PROFESSIONAL CONTACTS – Bankruptcy attorney, financial consultants, divorce attorney, CPA or Bookkeeper, and other professionals that work with clients that need the equity of their home or understand the value of home ownership. These professionals need a qualified mortgage professional to refer their clients. A financial planner may want a homeowner to refinance and use the equity for investments with higher rate of return. An accountant may advise a client they need to purchase a home for the tax write off. Bankruptcy attorney may advise a different path from bankruptcy. Such as a debt consolidation when a client has excessive home equity, or paying off the chapter 13 bankruptcy early with a home equity refinance.
PUBLIC INFORMATION SOURCES – There are public announcements for marriage licenses, job promotions, bankruptcy filings, divorce filings, or other filings that would give you a reason for approach.
REAL ESTATE AGENTS – The goal of having a steady stream of real estate agent business is the dream of most loan originators. The relationship between the real estate agent and loan originator is difficult to keep consistent. Often the relationship is only as good as the last loan transaction. Real estate agents have many loan originators contending for their business, all offering better products, better service, and who knows what. Keep in mind that it is illegal according to RESPA to pay a real estate agent for a lead.

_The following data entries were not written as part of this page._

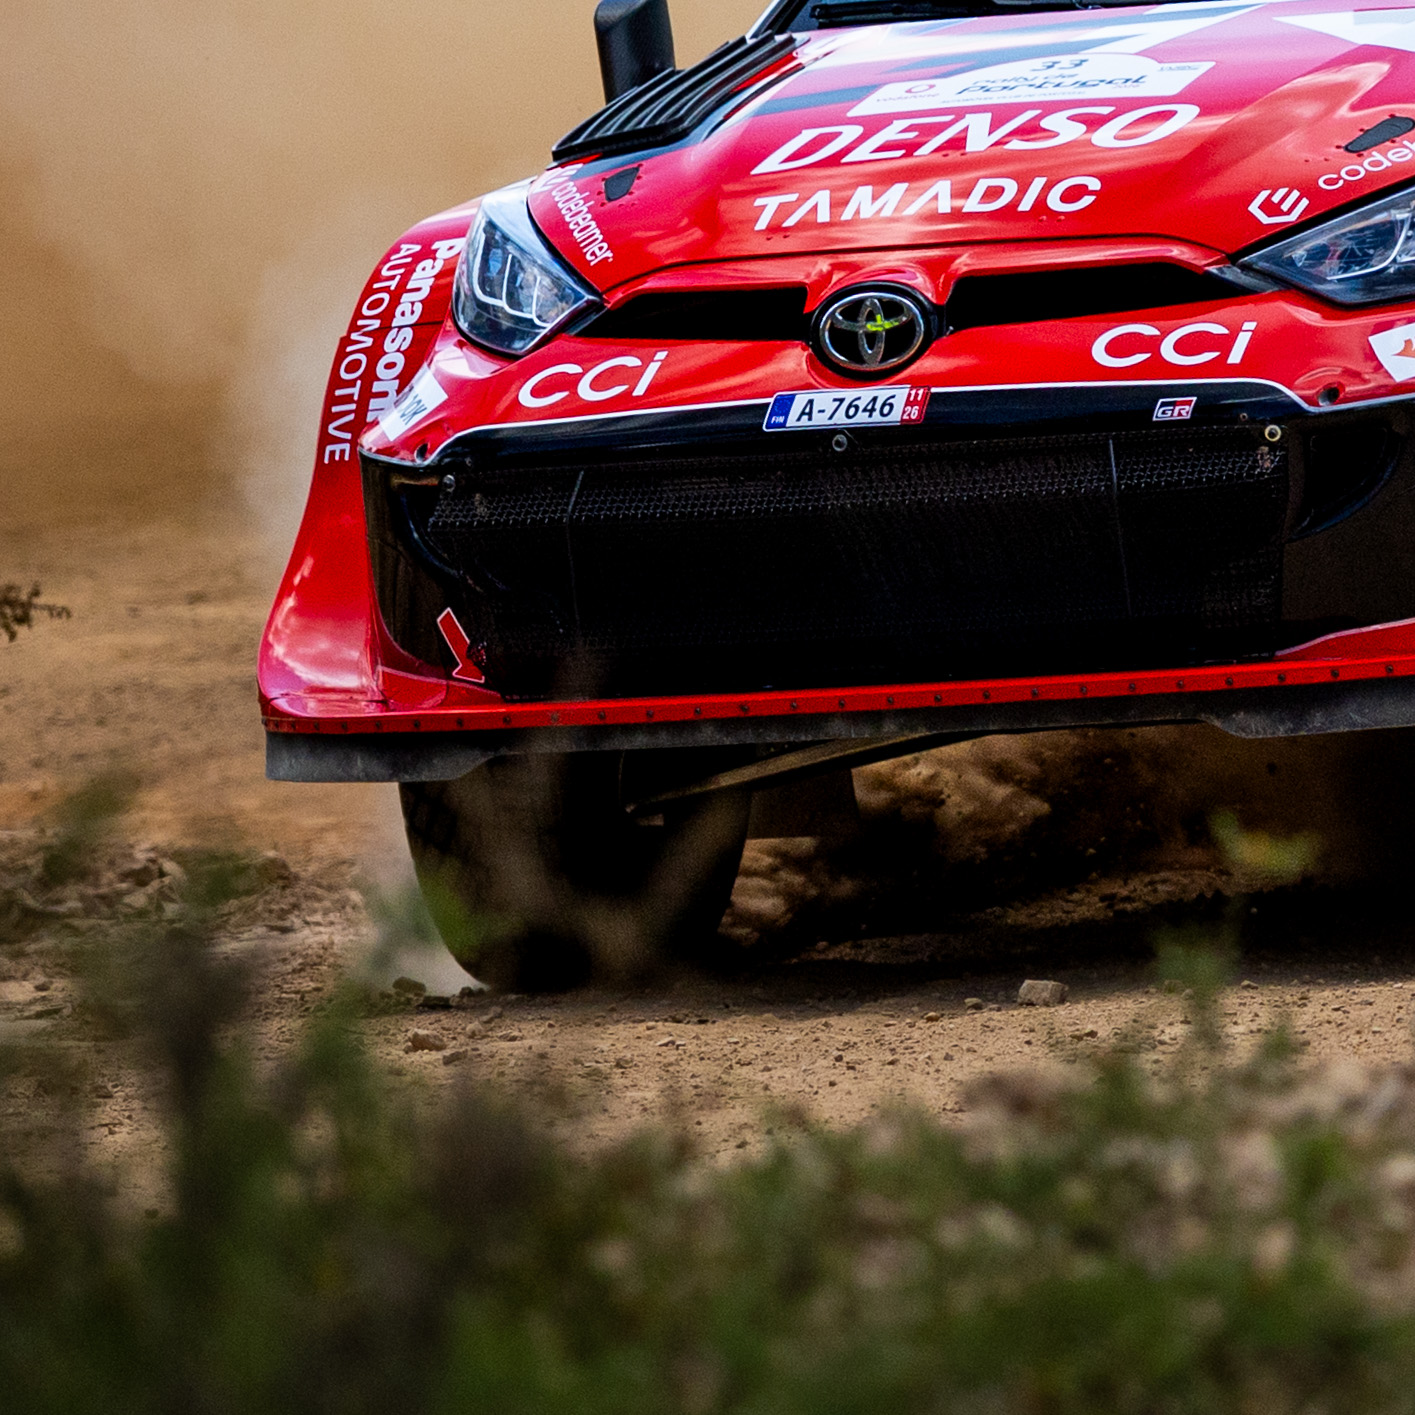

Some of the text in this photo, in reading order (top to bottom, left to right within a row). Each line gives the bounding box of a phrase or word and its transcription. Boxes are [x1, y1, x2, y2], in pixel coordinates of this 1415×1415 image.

[956, 74, 1149, 95] Portugal
[750, 104, 1200, 175] DENSO
[551, 181, 613, 266] codebeamer
[751, 176, 1101, 231] TAMADIC
[324, 243, 421, 464] AUTOMOTIVE
[796, 394, 897, 422] A-7646
[909, 388, 924, 402] 11
[902, 406, 919, 420] 26
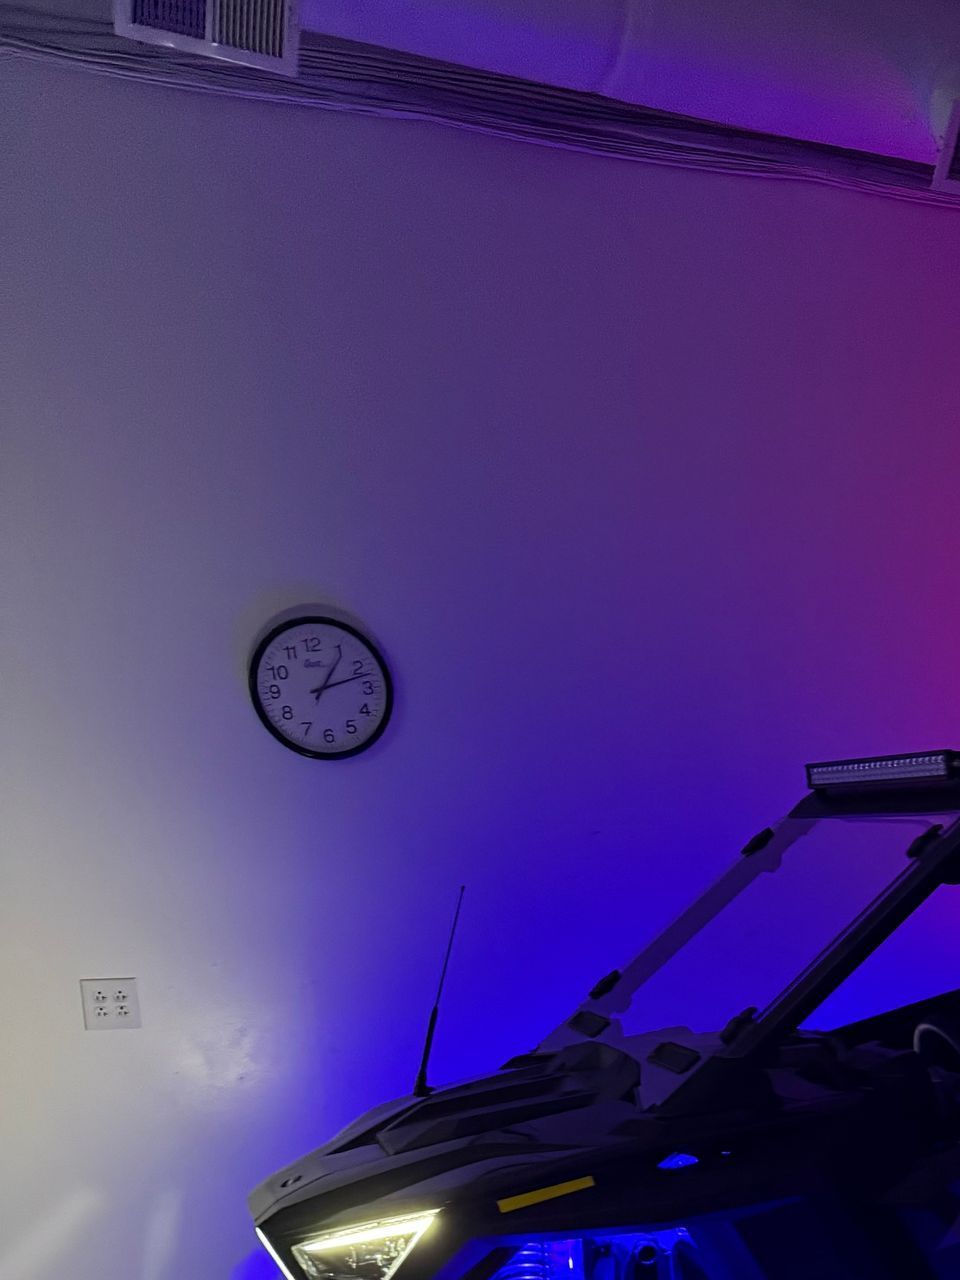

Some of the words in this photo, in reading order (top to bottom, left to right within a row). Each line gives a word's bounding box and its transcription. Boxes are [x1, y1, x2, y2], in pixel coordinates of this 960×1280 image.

So if you cannot buy the real estate agent’s loyalty how do you keep the relationship? Excellent customer service is the best way. Don’t miss a close of escrow date, EVER! Keep the real estate agent informed with weekly status reports. Communication is Key! Keep in mind the Privacy Laws governs your actions as to the amount of information you may share with the real estate agents involved in the transaction.
Listing Agents – When you have a purchase transaction, keep the listing agent well informed as this is an opportunity for a new source. By keeping them in the information loop, you may just earn their business. Introduce yourself when you get the purchase contract. Let them know when the appraisal is being ordered and ask how they want to give access to the property. Call and inform them when the appraisal is received and the appraised value, and when closing docs are ordered and at title. After you call the listing agent to let them know the transaction has funded, let them know you’d like to work with them. Give them your quick scripted presentation for new business, and ask for an appointment to discuss how you can help them close loans. Maybe show them the ‘Open House Kits’ you use for listing agents, and your willingness to sit at open houses.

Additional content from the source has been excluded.